▶ **Exercise instructions**
Copy out the whole listing exactly as written, leaving the pictures behind.

········

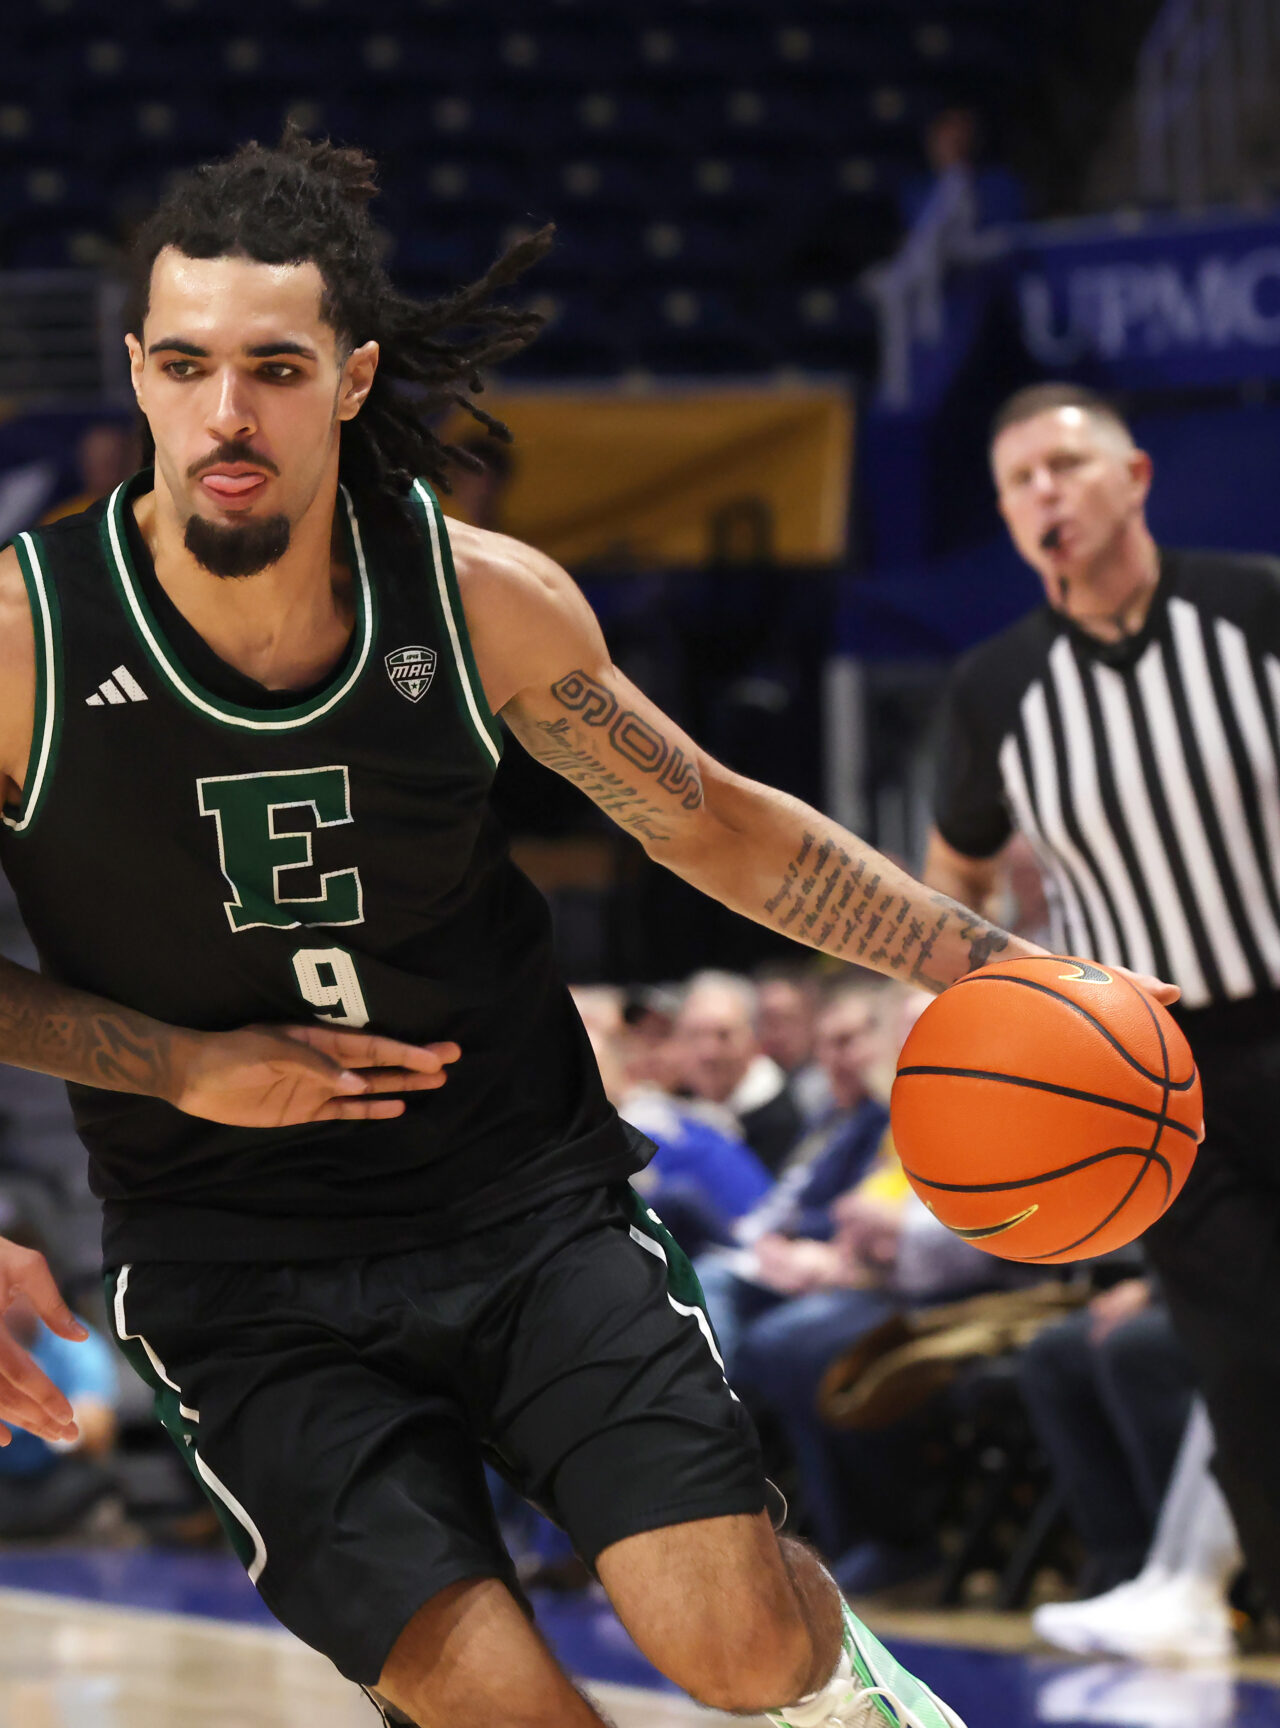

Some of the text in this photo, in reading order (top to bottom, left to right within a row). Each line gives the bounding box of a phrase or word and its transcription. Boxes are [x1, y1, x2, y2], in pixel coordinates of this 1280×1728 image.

[390, 663, 434, 680] MAC
[196, 764, 366, 934] E
[291, 946, 370, 1029] 9
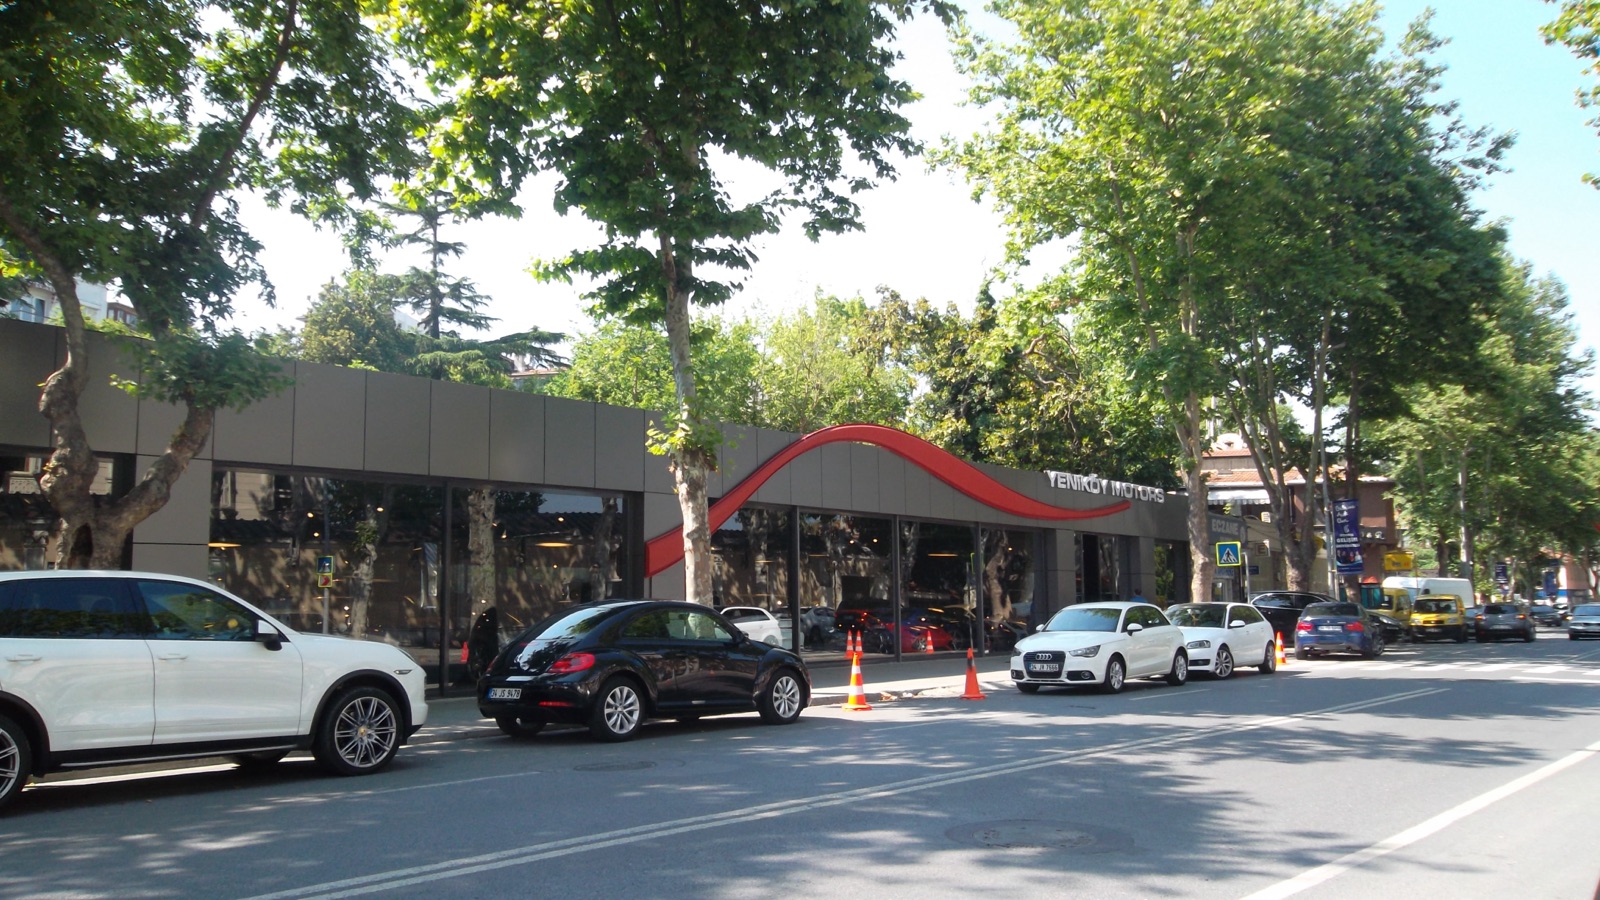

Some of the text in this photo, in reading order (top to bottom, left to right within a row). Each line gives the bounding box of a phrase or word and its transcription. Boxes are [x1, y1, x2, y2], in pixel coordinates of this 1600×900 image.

[1111, 480, 1165, 503] MOTORS
[1211, 518, 1239, 536] ECZANE
[491, 689, 498, 698] 34
[499, 689, 506, 698] JS
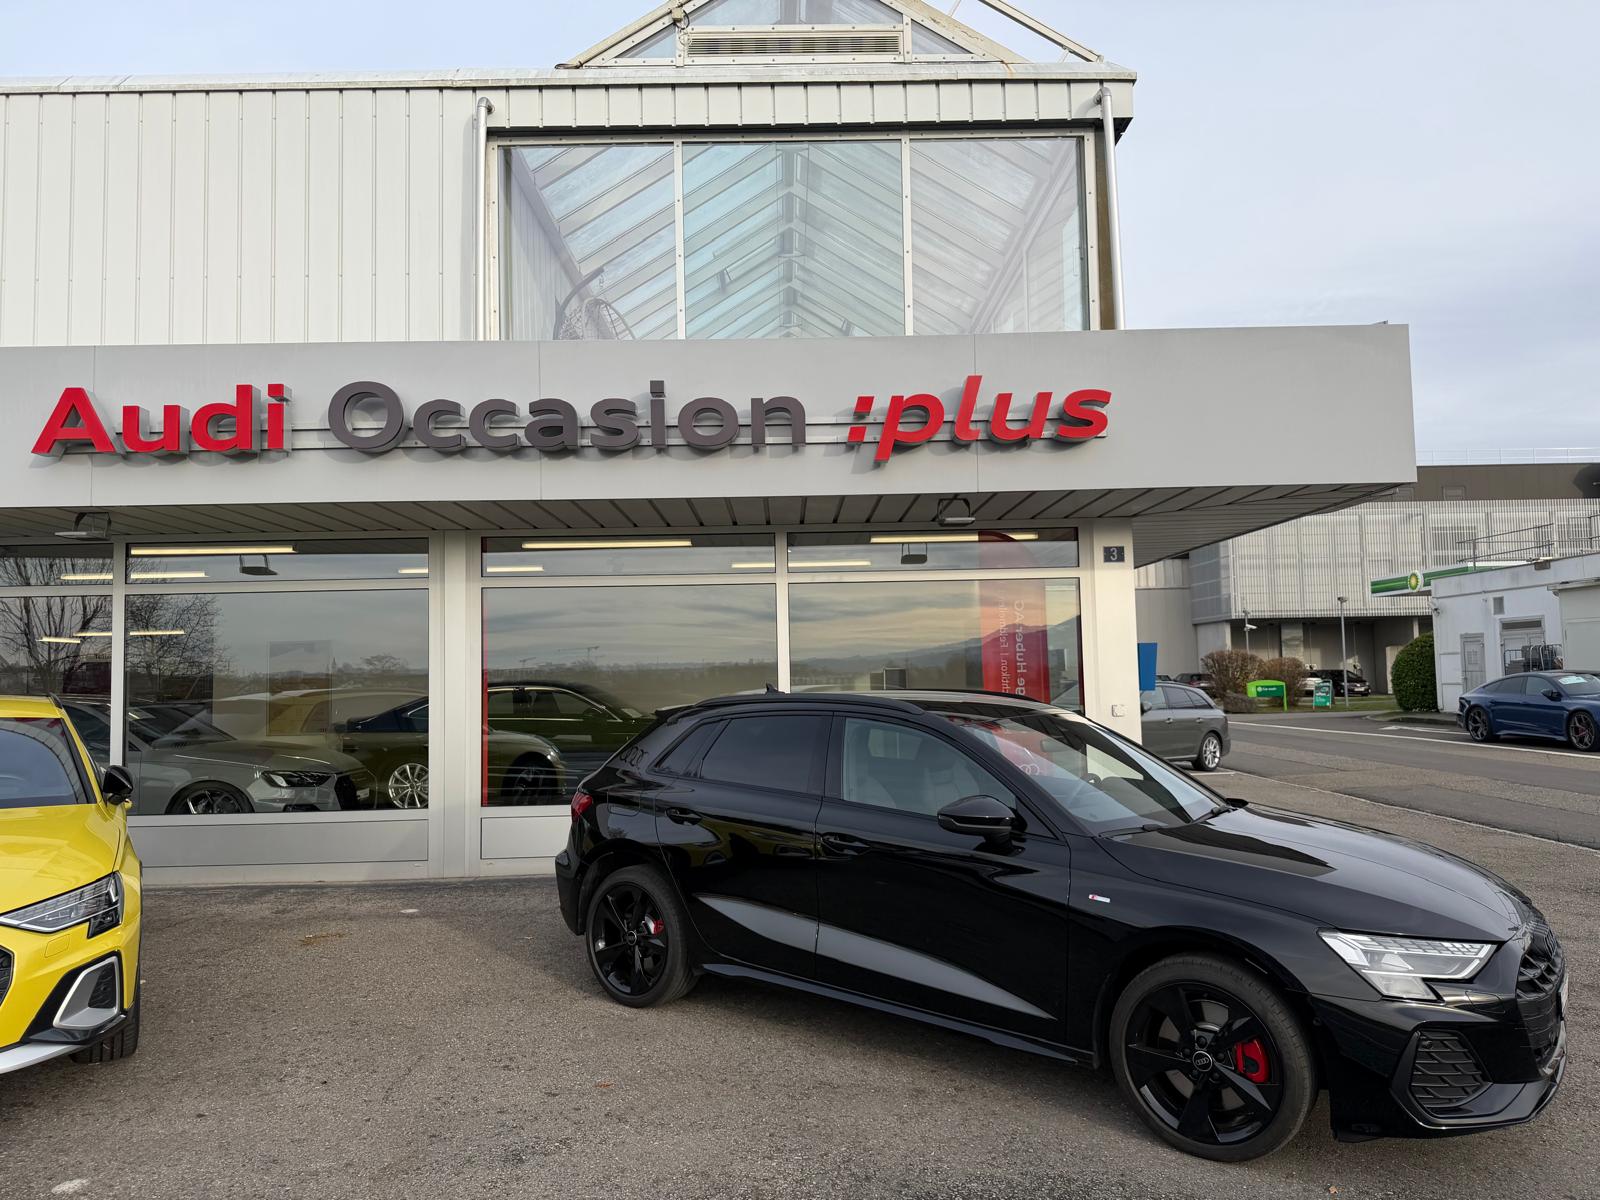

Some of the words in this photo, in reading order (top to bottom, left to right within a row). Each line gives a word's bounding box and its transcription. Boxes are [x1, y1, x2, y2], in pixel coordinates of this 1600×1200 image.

········

▶ **Solution for this problem**
Some of the text in this photo, in reading order (top to bottom, left to right within a row). Each line gives the bounding box of a phrase or word and its transcription. Boxes are [x1, y1, x2, y2], in pixel coordinates of this 1280×1728 image.

[390, 663, 434, 680] MAC
[196, 764, 366, 934] E
[291, 946, 370, 1029] 9

Some of the text in this photo, in reading order (top to bottom, left to right within a row). Each line gives the bounding box of a phrase or word and its transcription. Boxes are [x1, y1, x2, y2], in pixel coordinates of this 1600×900 image.

[1111, 480, 1165, 503] MOTORS
[1211, 518, 1239, 536] ECZANE
[491, 689, 498, 698] 34
[499, 689, 506, 698] JS

Some of the words in this photo, in reading order (top to bottom, left to right within a row). Each line gives a word's bounding box and its transcription. Boxes are [x1, y1, x2, y2], in pixel coordinates of this 1600×1200 image.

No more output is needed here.